▸ What you will do
Retype all of the listing exactly, passing over any picture you find.

▸ Information provided
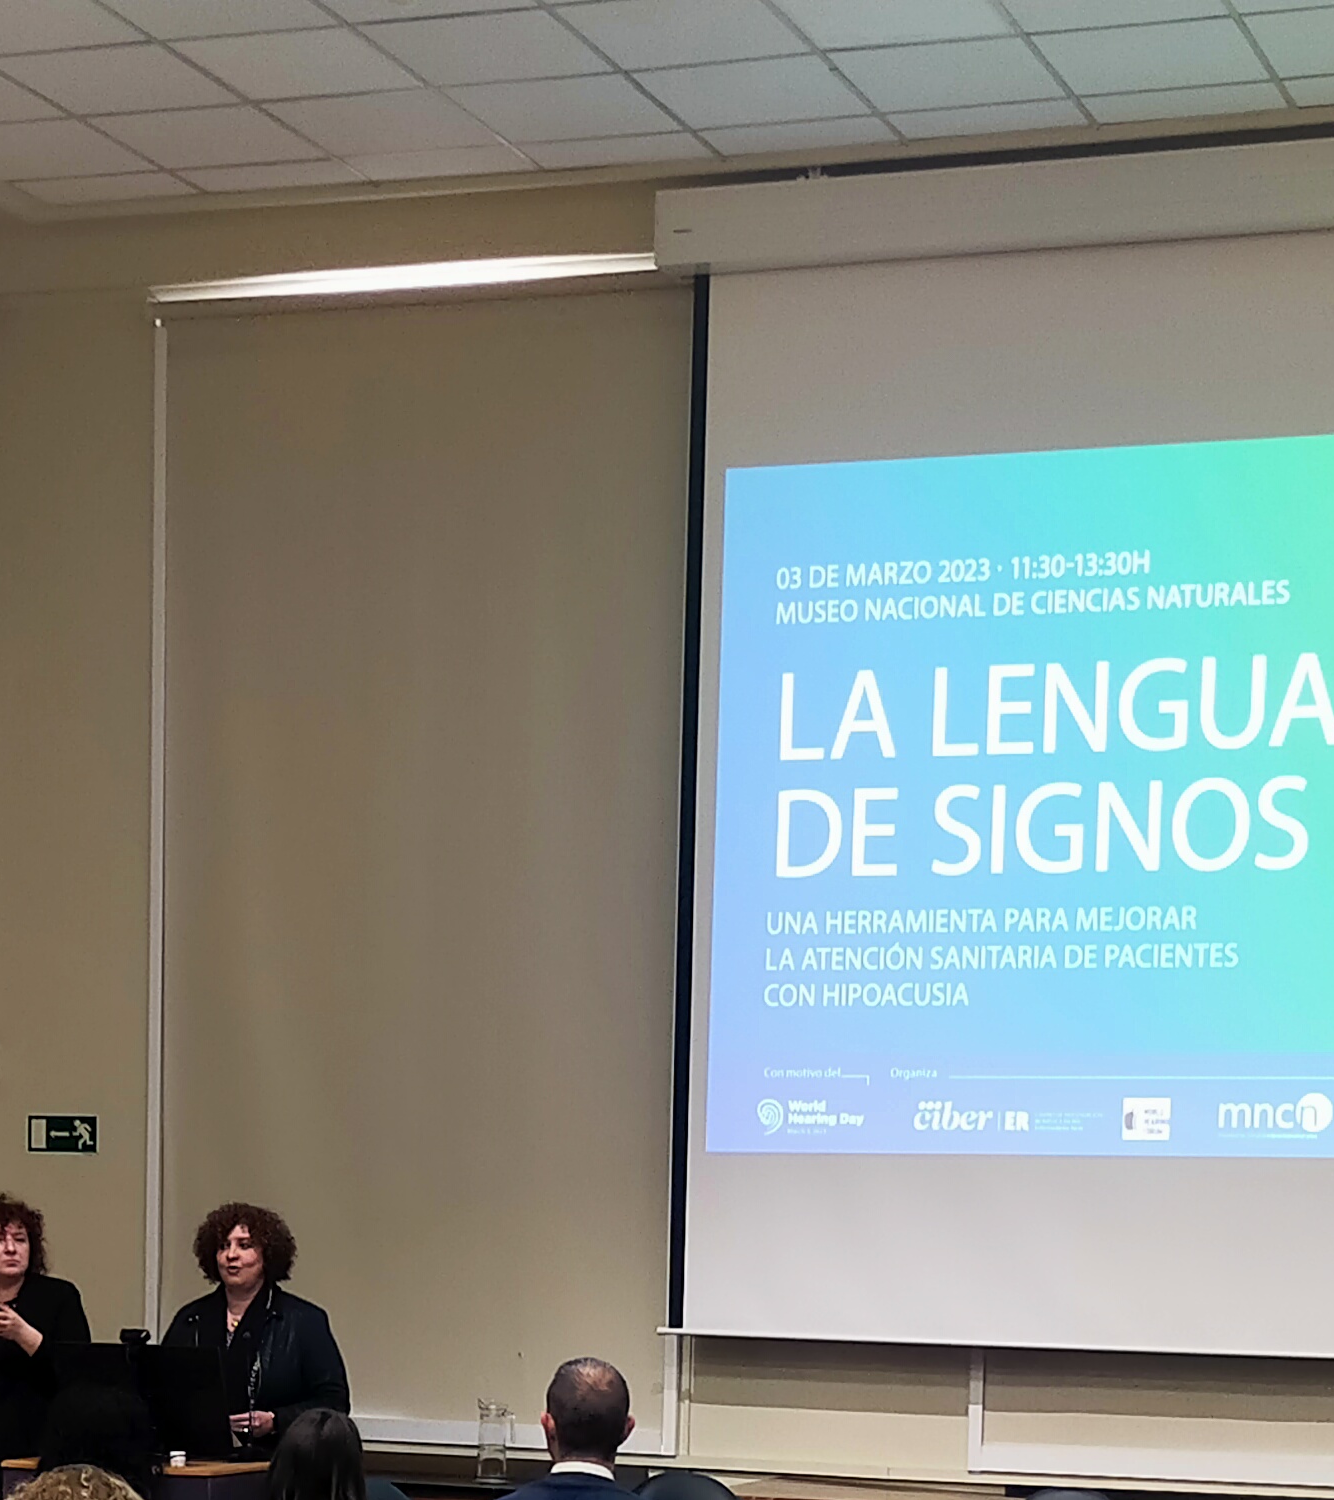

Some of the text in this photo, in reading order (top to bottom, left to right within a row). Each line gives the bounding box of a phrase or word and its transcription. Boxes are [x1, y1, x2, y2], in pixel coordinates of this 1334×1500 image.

[776, 549, 1150, 590] 03 DE MARZO 2023 11:30-13:30H
[775, 579, 1291, 625] MUSEO NACIONAL DE CIENCIAS NATURALES
[779, 668, 896, 761] LA
[775, 774, 1310, 878] DE SIGNOS
[767, 905, 1197, 935] UNA HERRAMIENTA PARA MEJORAR
[765, 942, 1239, 971] LA ATENCIÓN SANITARIA DE PACIENTES
[764, 982, 969, 1007] CON HIPOACUSIA
[764, 1067, 841, 1078] Con motivo del
[890, 1067, 938, 1080] Organiza
[788, 1100, 826, 1113] World
[788, 1112, 864, 1127] Hearing Day
[913, 1101, 993, 1131] ciber
[1004, 1111, 1029, 1132] ER

▸ Exercise solution
Some of the text in this photo, in reading order (top to bottom, left to right within a row). Each line gives the bounding box of a phrase or word and its transcription. Boxes are [x1, y1, x2, y2], in pixel coordinates of this 1334×1500 image.

[776, 549, 1150, 590] 03 DE MARZO 2023 11:30-13:30H
[775, 579, 1291, 625] MUSEO NACIONAL DE CIENCIAS NATURALES
[779, 668, 896, 761] LA
[775, 774, 1310, 878] DE SIGNOS
[767, 905, 1197, 935] UNA HERRAMIENTA PARA MEJORAR
[765, 942, 1239, 971] LA ATENCIÓN SANITARIA DE PACIENTES
[764, 982, 969, 1007] CON HIPOACUSIA
[764, 1067, 841, 1078] Con motivo del
[890, 1067, 938, 1080] Organiza
[788, 1100, 826, 1113] World
[788, 1112, 864, 1127] Hearing Day
[913, 1101, 993, 1131] ciber
[1004, 1111, 1029, 1132] ER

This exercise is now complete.